In this beautiful age of HGTV, DIY everything, and I-can-so-do-that-myself Pinterest finds, if you have the time, you can do anything! Okay, maybe not anything, but DIY is sure easier thanks to the internet. So, I found myself pinning some awesome crafts and thought to myself, if I can find the items that I will refinish and make my own on sites like Let Go, Craigslist, or Varage Sale, I'll be set! Although, what I found when I started my search was that people have forgotten the most basic hand-me-down rules for selling their crap.
1. Selling your "new" crap.
If it is not in its original packaging, its not new. Give it up. You are not going to get full price (or even above retail for those of you who are really disturbed) for the item you bought and couldn't return. If it is brand new, sure, knock off about 5-10% and sell it with your big "Brand New" advertisement. But trying to get full price is just silly. I will march my happy ass down to Best Buy and buy it with the warrantee rather than meeting up with you in a sketchy parking lot.
2. Used Crap.
I get that you paid $1500 for it in 1996. But, its 2017 and bringing it down by $300 is going to get you nowhere. Of course depending on the item, if it is a collectible and now worth $2000, sell it for $2000. TO A COLLECTOR. Get it off the thrift sites. We are here for a deal. I expect everything to be at least 50-75% off its original price, but I really shoot for 75-90% off. This is second-hand selling and buying 101. Your "gently used" mattress filled with your dead skin cells is not worth the 10% off your listing it for.

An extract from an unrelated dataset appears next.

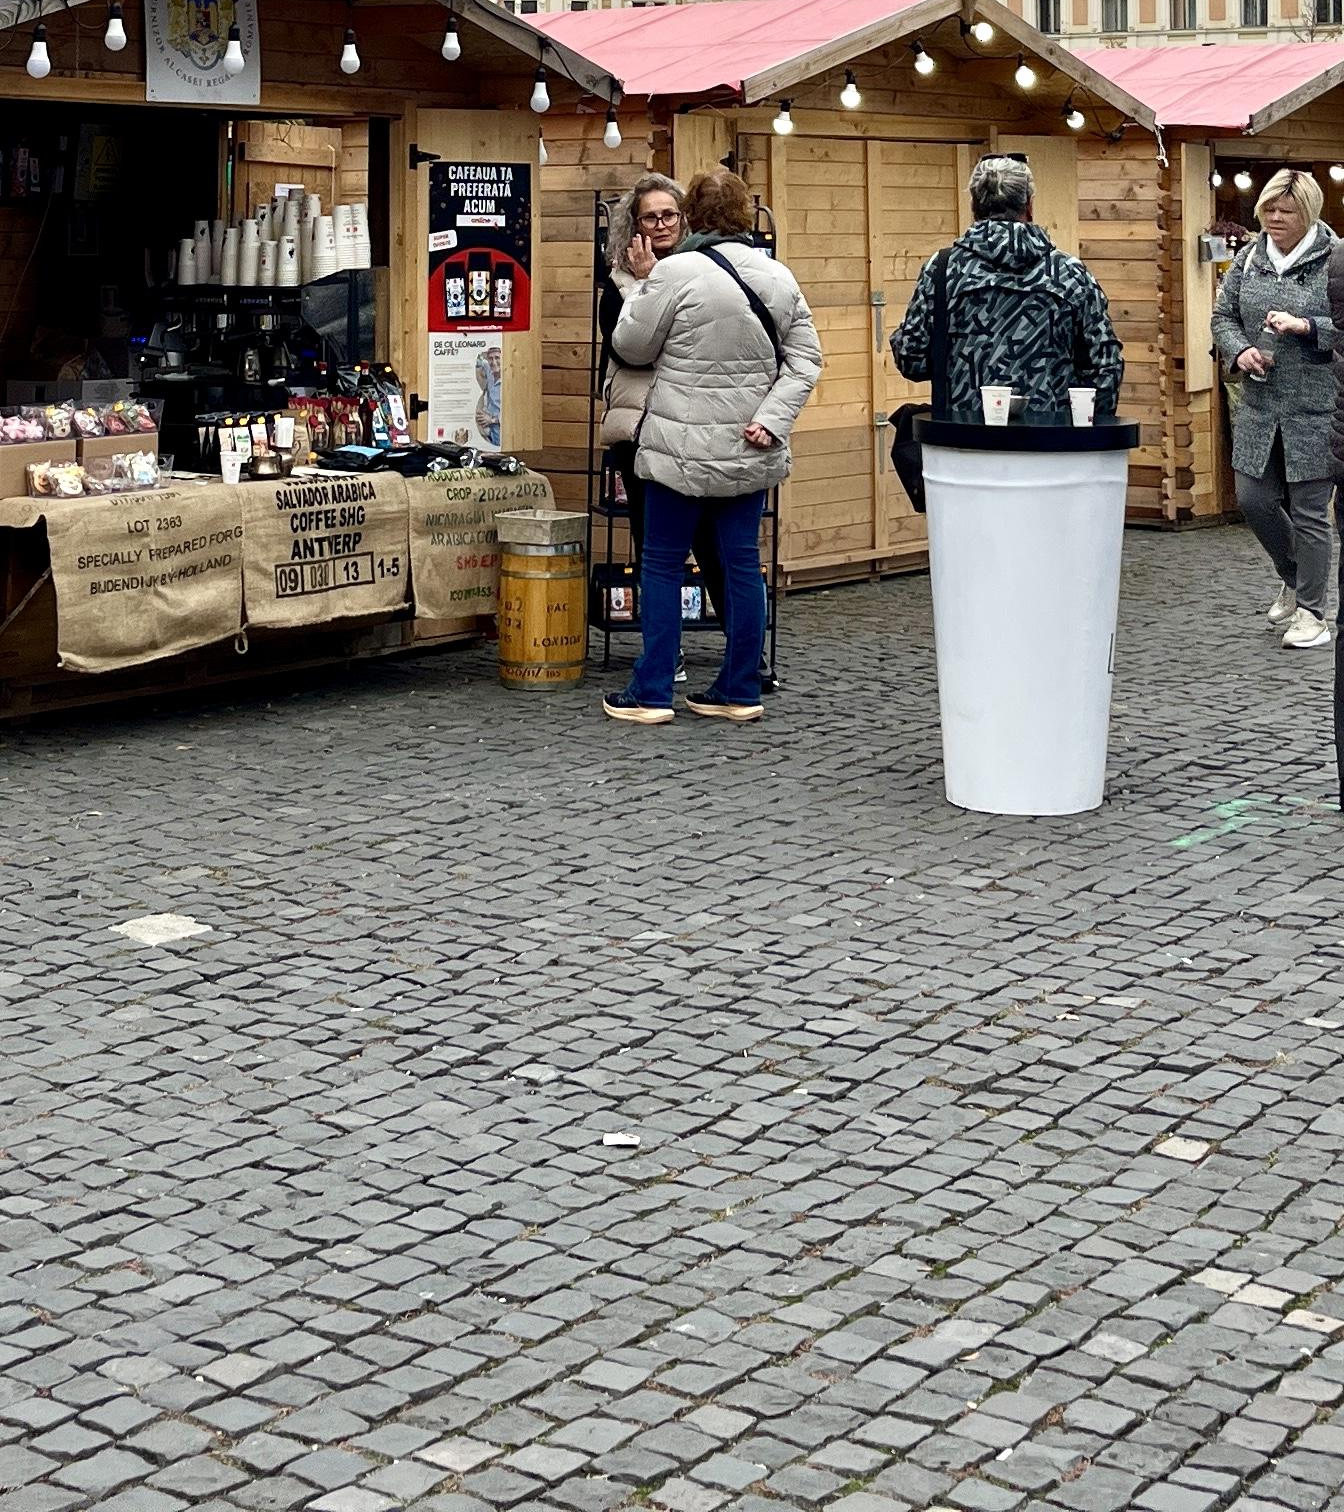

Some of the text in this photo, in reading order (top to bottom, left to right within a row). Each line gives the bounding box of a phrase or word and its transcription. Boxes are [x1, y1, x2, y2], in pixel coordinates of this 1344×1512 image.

Unless you want to keep it. Then again, get it off the site. Before you post, think to yourself, if you walked into the Salvation Army store and saw your item for what you have it posted for, what would you do? If your answer is leave the store, then lower your price. One man's trash is another man's treasure, but that treasure has a price limit.

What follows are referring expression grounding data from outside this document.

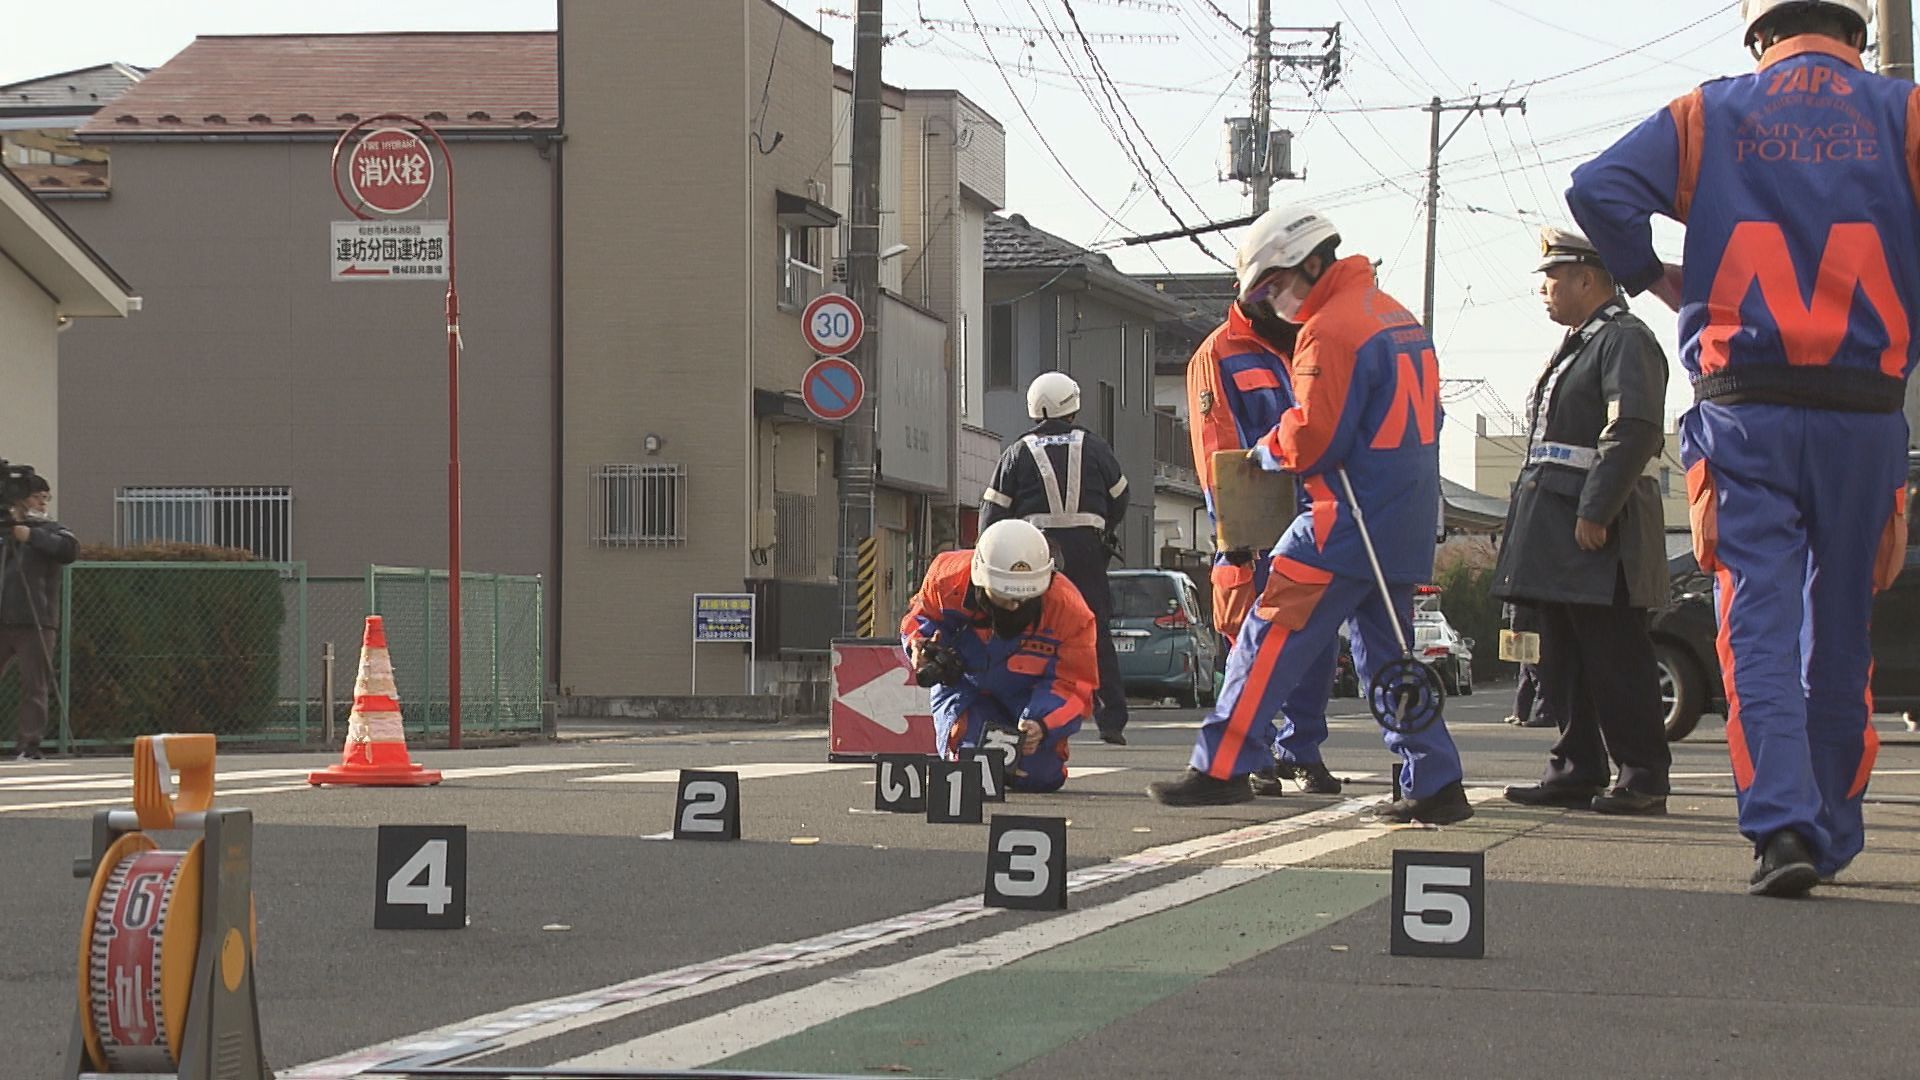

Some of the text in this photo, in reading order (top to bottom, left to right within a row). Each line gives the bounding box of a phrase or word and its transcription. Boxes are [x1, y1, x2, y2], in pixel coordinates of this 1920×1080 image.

[1766, 65, 1854, 96] TAPS
[1735, 138, 1881, 163] POLICE
[1755, 122, 1858, 142] MIYAGI
[357, 153, 427, 188] 消火栓
[336, 236, 444, 262] 連坊分団連坊部
[816, 312, 850, 338] 30
[880, 761, 922, 803] い
[945, 770, 963, 817] 1
[680, 780, 727, 833] 2
[386, 839, 453, 915] 4
[994, 828, 1052, 897] 3
[1402, 864, 1472, 944] 5

3. But the crap has sentimental value.
Not to me there isn't. I don't look at that tattered old dresser and see years of my babies' laughter and memories. I see a tattered dresser whose dings I need to sand down and spend hours priming, staining and adding new hardware to. So unless I can buy it and all the supplies I need for the redo cheaper than buying it brand new, its a waste of my time and energy. The downside is, we both lost out because you couldn't cut the cord.
4. Final Words.
If you threw it in the garage sale pile, you don't need or want it anymore. If you can make a couple of bucks off of it, its better than deciding to wait for a better time to sell it. Three years later, it will have built a nice stack of dust on it in your cabinet and become so irrelevant that you finally decide to just donate it. Trust me, I practice what I preach and I always have a successful purchase. So, get on my band wagon thrifty sellers! Your buyers are trying to make successful Pinterest fails!